Segment Start: Material shown
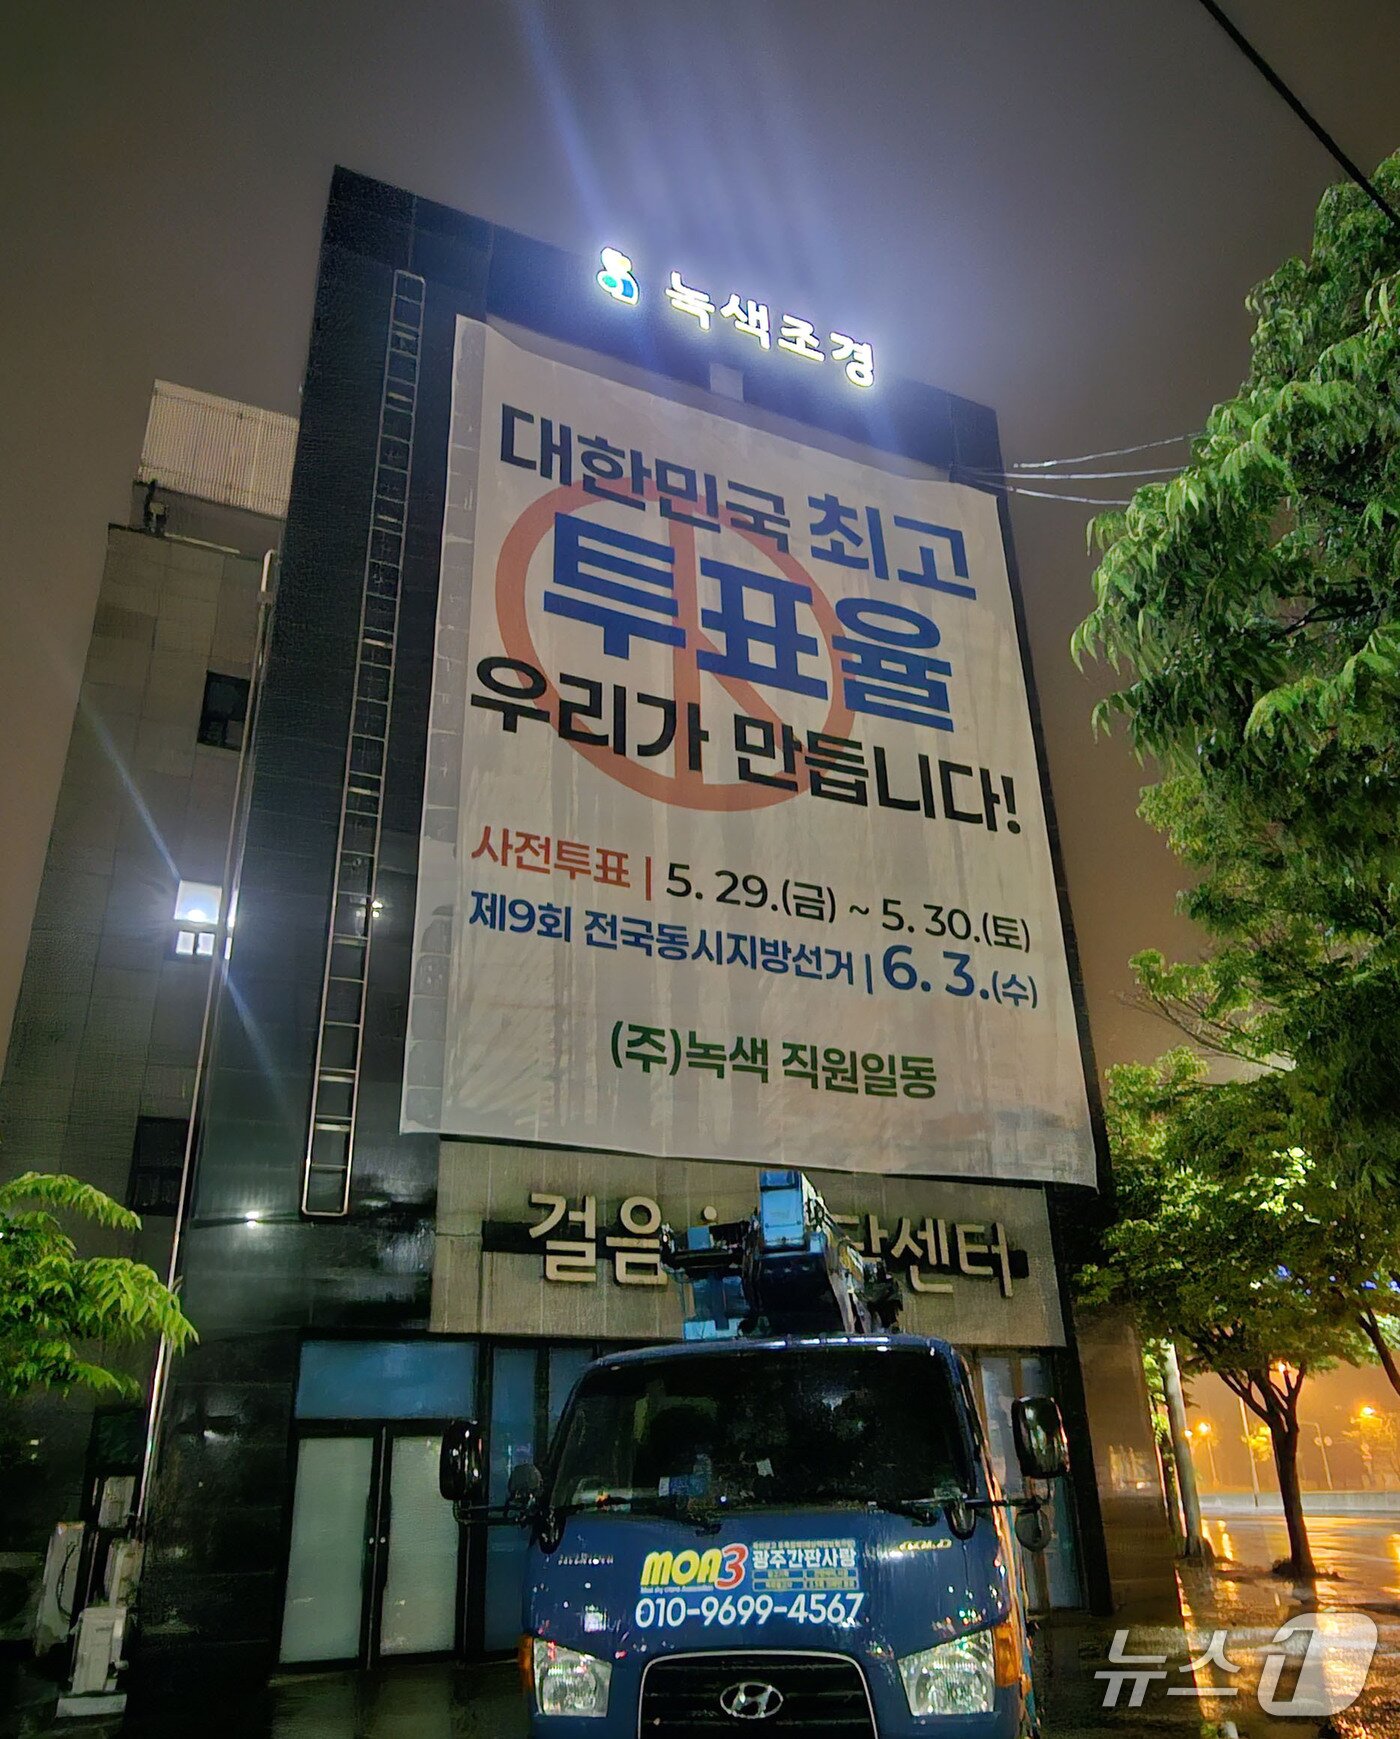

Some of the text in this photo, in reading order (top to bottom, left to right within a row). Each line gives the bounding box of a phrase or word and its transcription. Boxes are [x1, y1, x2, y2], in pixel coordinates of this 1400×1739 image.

[665, 271, 875, 388] 녹색조경
[501, 403, 977, 600] 대한민국 최고
[543, 512, 954, 733] 투표율
[470, 656, 1022, 834] 우리가 만듭니다!
[470, 826, 631, 888] 사전투표
[469, 890, 571, 942] 제9회
[584, 910, 854, 985] 전국동시지방선거
[611, 1021, 937, 1099] (주)녹색 직원일동
[529, 1194, 669, 1286] 걸음
[635, 1593, 864, 1628] 010-9699-4567
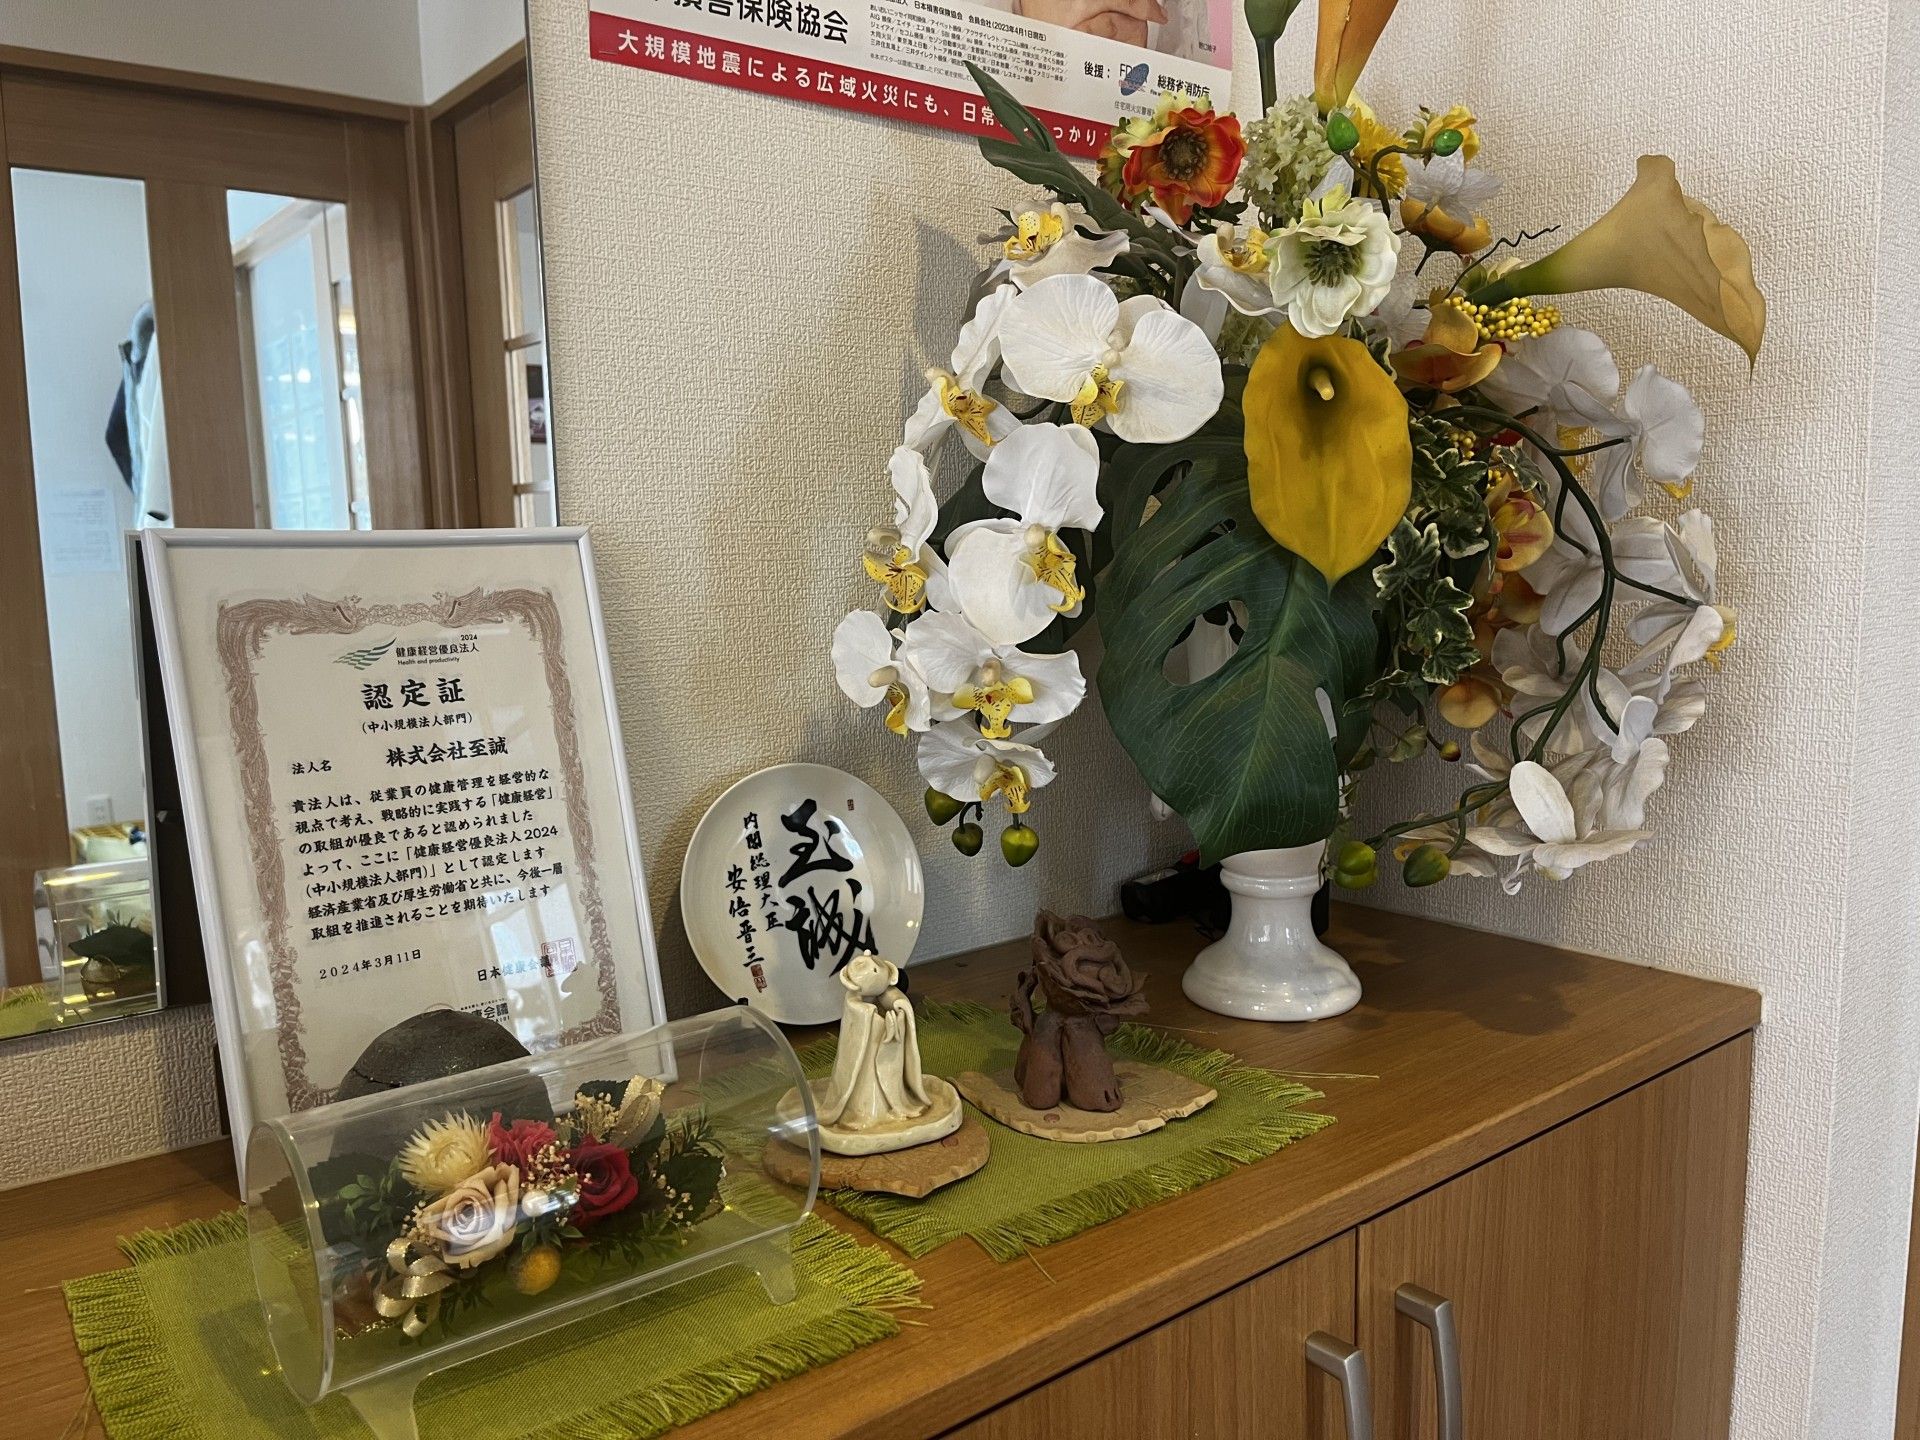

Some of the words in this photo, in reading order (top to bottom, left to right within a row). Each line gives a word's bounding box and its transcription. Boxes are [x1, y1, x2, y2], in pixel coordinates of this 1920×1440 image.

[395, 642, 480, 658] 健康経営優良法人
[397, 658, 416, 666] Health
[417, 657, 427, 665] and
[429, 656, 460, 665] productivity
[360, 677, 466, 710] 認定証
[362, 711, 473, 734] (中小規模法人部門)
[291, 758, 332, 775] 法人名
[385, 735, 509, 768] 株式会社至誠
[291, 768, 549, 814] 貴法人は、従業員の健康管理を経営的な
[299, 809, 533, 855] の取組が優良であると認められました
[725, 864, 765, 968] 安倍晋三
[319, 948, 422, 980] 2024年3月11日
Segment End: Material shown
● What you should do
The answer is the full listing above, repeated exactly, with its pictures removed.

● Result for this exercise
Some of the text in this photo, in reading order (top to bottom, left to right within a row). Each line gives the bounding box of a phrase or word and its transcription. Boxes are [x1, y1, x2, y2], in pixel coordinates of this 1400×1739 image.

[665, 271, 875, 388] 녹색조경
[501, 403, 977, 600] 대한민국 최고
[543, 512, 954, 733] 투표율
[470, 656, 1022, 834] 우리가 만듭니다!
[470, 826, 631, 888] 사전투표
[469, 890, 571, 942] 제9회
[584, 910, 854, 985] 전국동시지방선거
[611, 1021, 937, 1099] (주)녹색 직원일동
[529, 1194, 669, 1286] 걸음
[635, 1593, 864, 1628] 010-9699-4567

Some of the words in this photo, in reading order (top to bottom, left to right within a row). Each line gives a word's bounding box and its transcription. Boxes are [x1, y1, x2, y2], in pixel coordinates of this 1920×1440 image.

[395, 642, 480, 658] 健康経営優良法人
[397, 658, 416, 666] Health
[417, 657, 427, 665] and
[429, 656, 460, 665] productivity
[360, 677, 466, 710] 認定証
[362, 711, 473, 734] (中小規模法人部門)
[291, 758, 332, 775] 法人名
[385, 735, 509, 768] 株式会社至誠
[291, 768, 549, 814] 貴法人は、従業員の健康管理を経営的な
[299, 809, 533, 855] の取組が優良であると認められました
[725, 864, 765, 968] 安倍晋三
[319, 948, 422, 980] 2024年3月11日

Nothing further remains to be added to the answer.